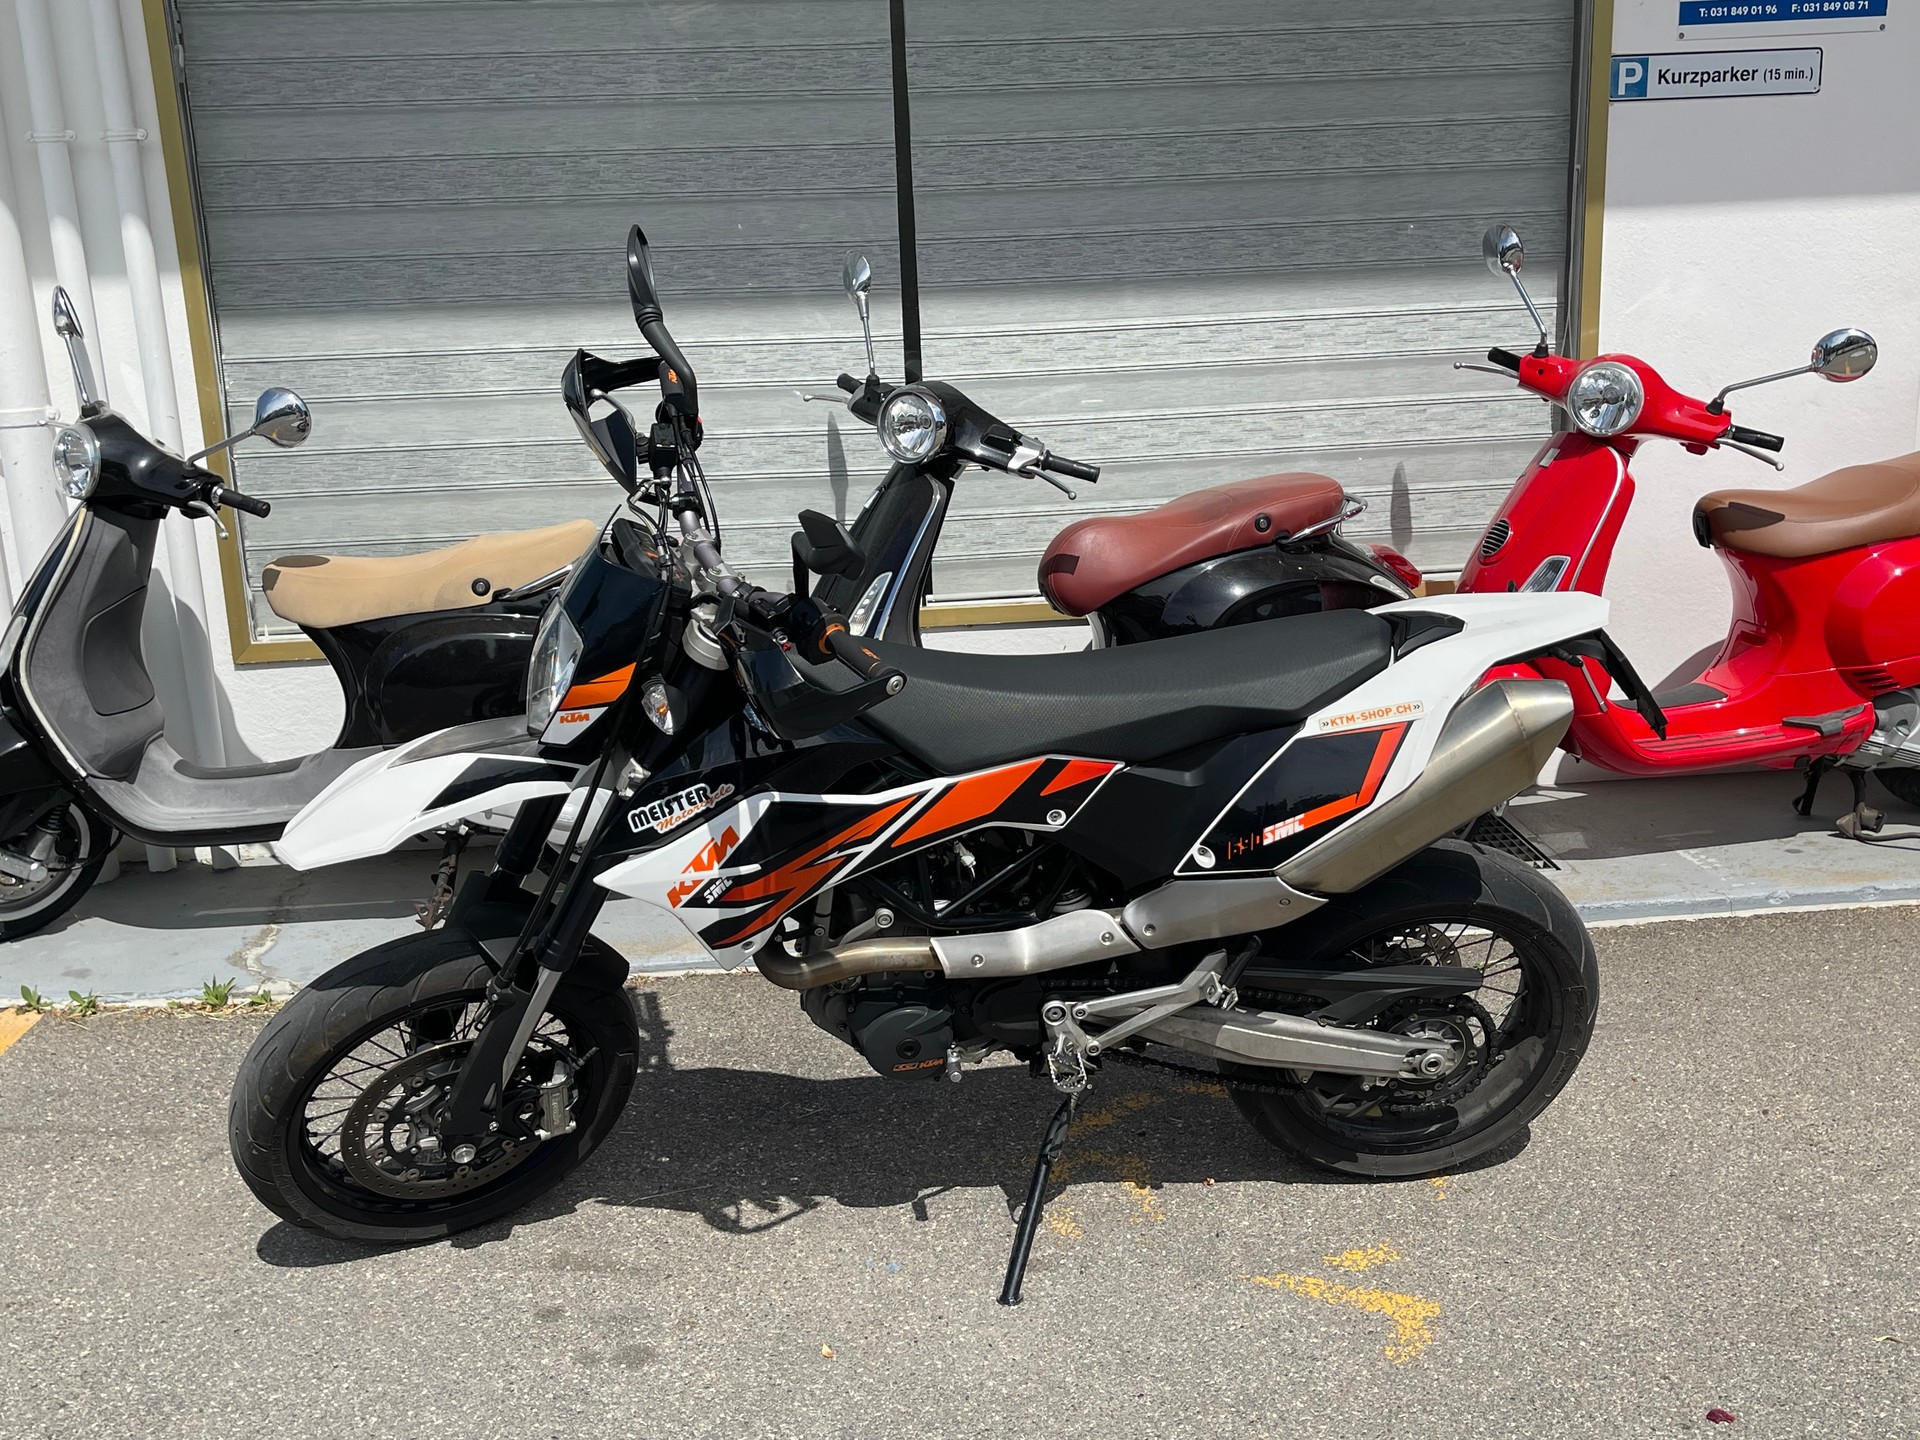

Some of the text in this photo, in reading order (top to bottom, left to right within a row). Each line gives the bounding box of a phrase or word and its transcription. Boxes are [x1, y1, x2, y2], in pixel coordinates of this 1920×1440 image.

[1699, 0, 1869, 17] T: 031 849 01 96 F: 031 849 08 71
[1617, 61, 1814, 96] P Kurzparker (15 min.)
[559, 711, 590, 724] KTM
[630, 785, 711, 830] MEISTER
[656, 785, 734, 832] Motorcycle
[666, 825, 740, 909] KTM
[703, 876, 733, 904] SMC
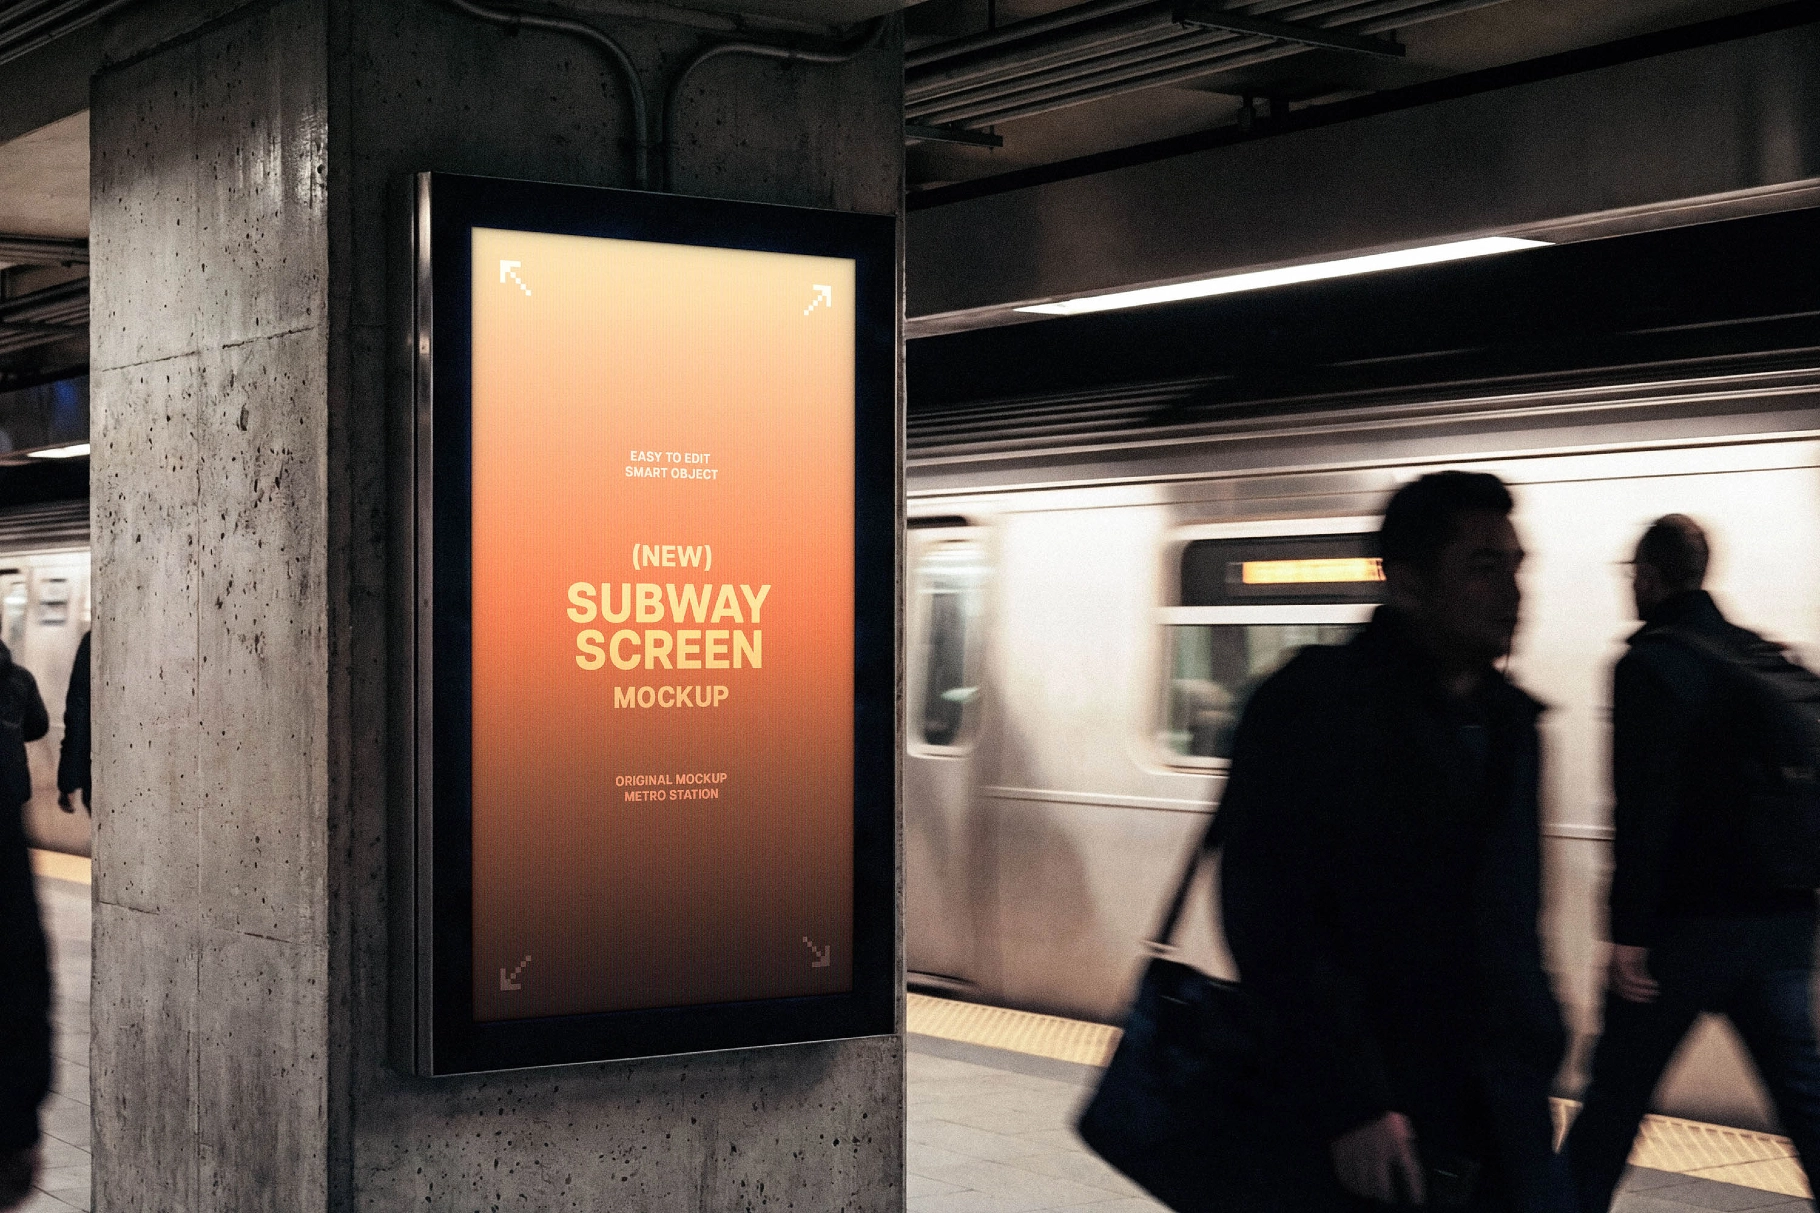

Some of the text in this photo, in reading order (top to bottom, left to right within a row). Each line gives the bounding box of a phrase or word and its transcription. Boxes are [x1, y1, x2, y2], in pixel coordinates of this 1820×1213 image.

[630, 450, 711, 464] EASY TO EDIT
[625, 466, 719, 480] SMART OBJECT
[632, 543, 712, 571] (NEW)
[567, 582, 772, 623] SUBWAY
[576, 629, 762, 670] SCREEN
[614, 685, 729, 708] MOCKUP
[615, 772, 727, 787] ORIGINAL MOCKUP
[624, 788, 719, 802] METRO STATION
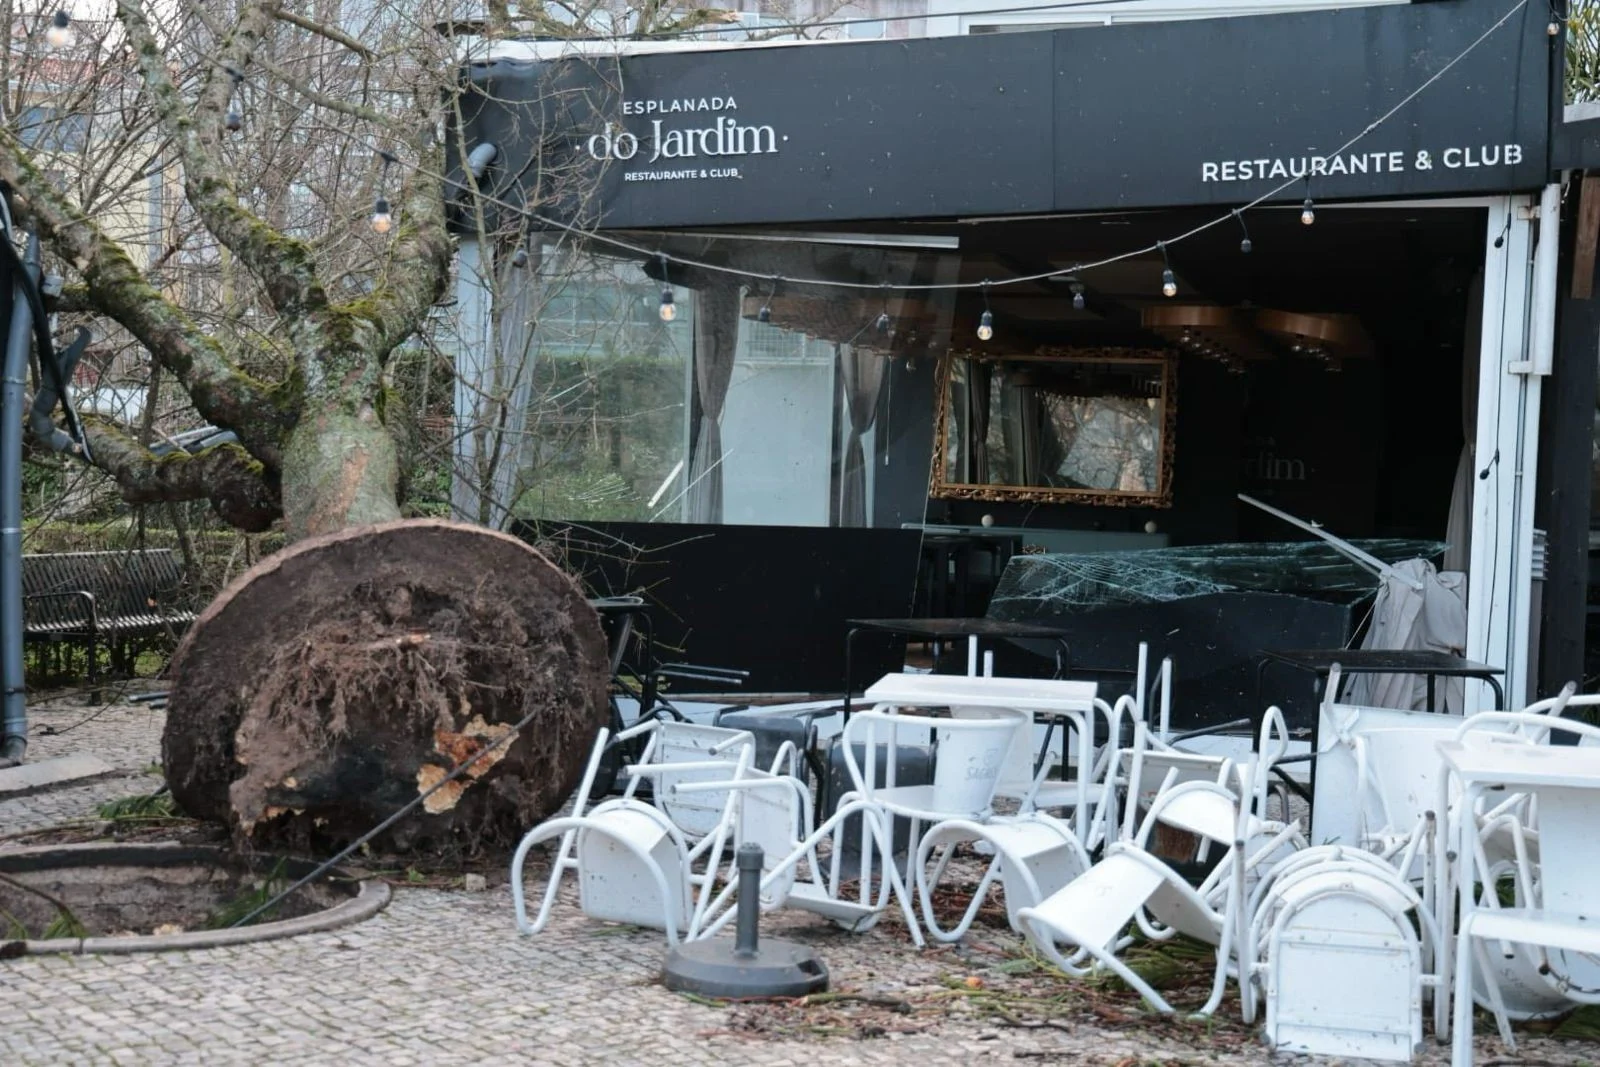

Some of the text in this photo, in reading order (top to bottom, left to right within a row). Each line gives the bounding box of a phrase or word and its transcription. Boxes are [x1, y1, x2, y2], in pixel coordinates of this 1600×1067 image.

[623, 96, 737, 115] ESPLANADA
[588, 116, 778, 163] do Jardim
[624, 168, 738, 182] RESTAURANTE & CLUB
[1202, 144, 1523, 182] RESTAURANTE & CLUB
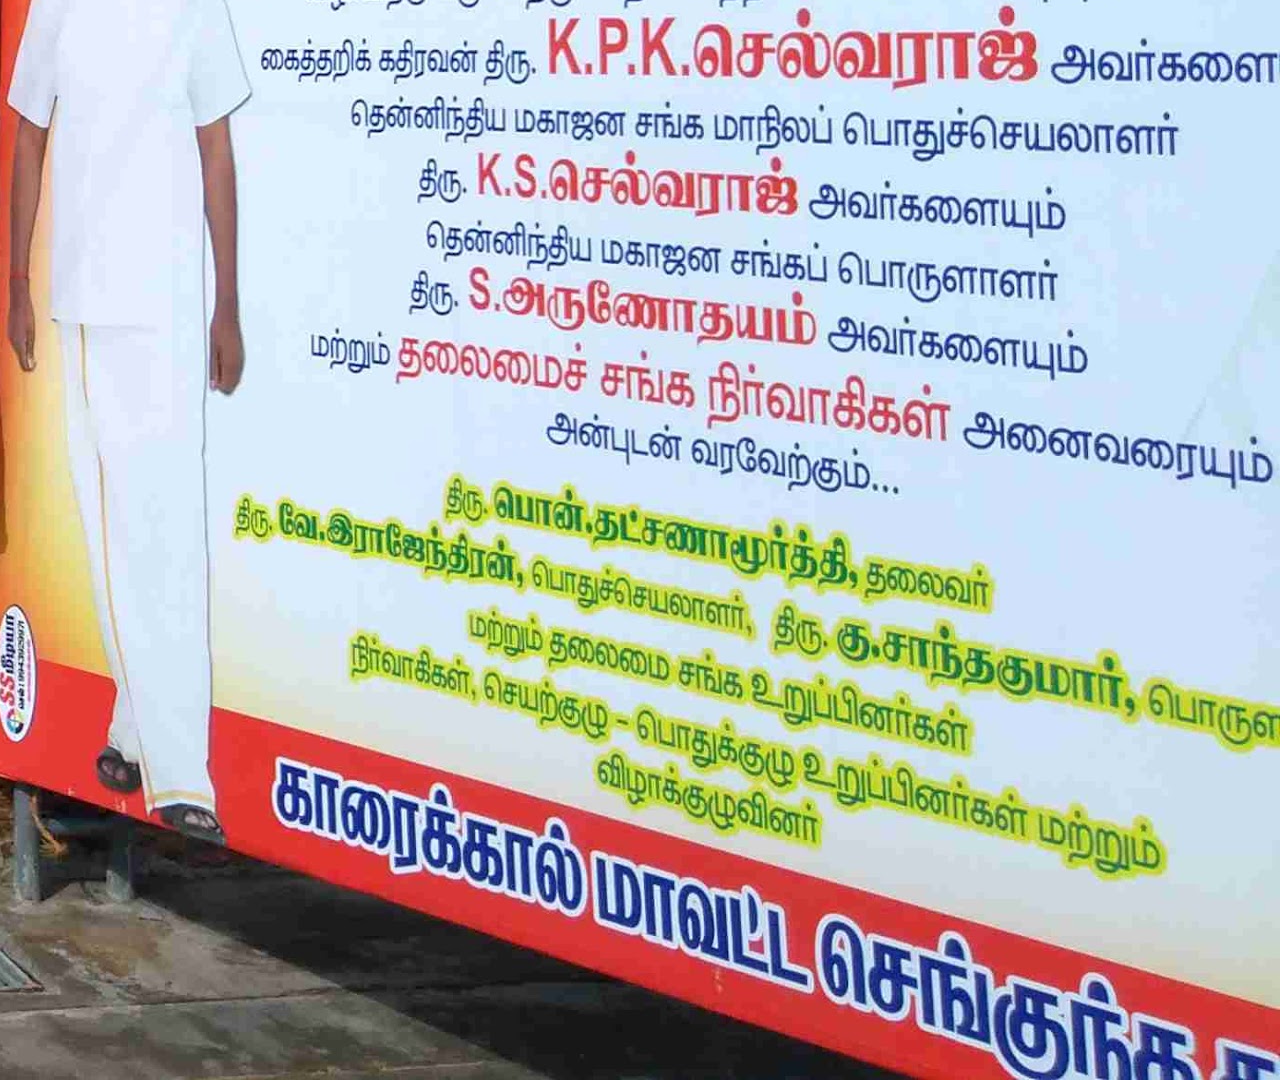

===============

Drop the images and return the data verbatim.

* [Response]
Some of the text in this photo, in reading order (top to bottom, left to right within a row). Each line gives the bounding box of a phrase or word and its transcription. Boxes are [x1, y1, x2, y2], in pixel coordinates of this 1920×1440 image.

[1699, 0, 1869, 17] T: 031 849 01 96 F: 031 849 08 71
[1617, 61, 1814, 96] P Kurzparker (15 min.)
[559, 711, 590, 724] KTM
[630, 785, 711, 830] MEISTER
[656, 785, 734, 832] Motorcycle
[666, 825, 740, 909] KTM
[703, 876, 733, 904] SMC

Some of the text in this photo, in reading order (top to bottom, left to right within a row). Each line gives the bounding box of a phrase or word and its transcription. Boxes are [x1, y1, x2, y2], in pixel coordinates of this 1820×1213 image.

[630, 450, 711, 464] EASY TO EDIT
[625, 466, 719, 480] SMART OBJECT
[632, 543, 712, 571] (NEW)
[567, 582, 772, 623] SUBWAY
[576, 629, 762, 670] SCREEN
[614, 685, 729, 708] MOCKUP
[615, 772, 727, 787] ORIGINAL MOCKUP
[624, 788, 719, 802] METRO STATION

Some of the text in this photo, in reading order (top to bottom, left to right within a row). Each line gives the bounding box of a phrase or word and its transcription. Boxes are [x1, y1, x2, y2], in pixel coordinates of this 1600×1067 image.

[623, 96, 737, 115] ESPLANADA
[588, 116, 778, 163] do Jardim
[624, 168, 738, 182] RESTAURANTE & CLUB
[1202, 144, 1523, 182] RESTAURANTE & CLUB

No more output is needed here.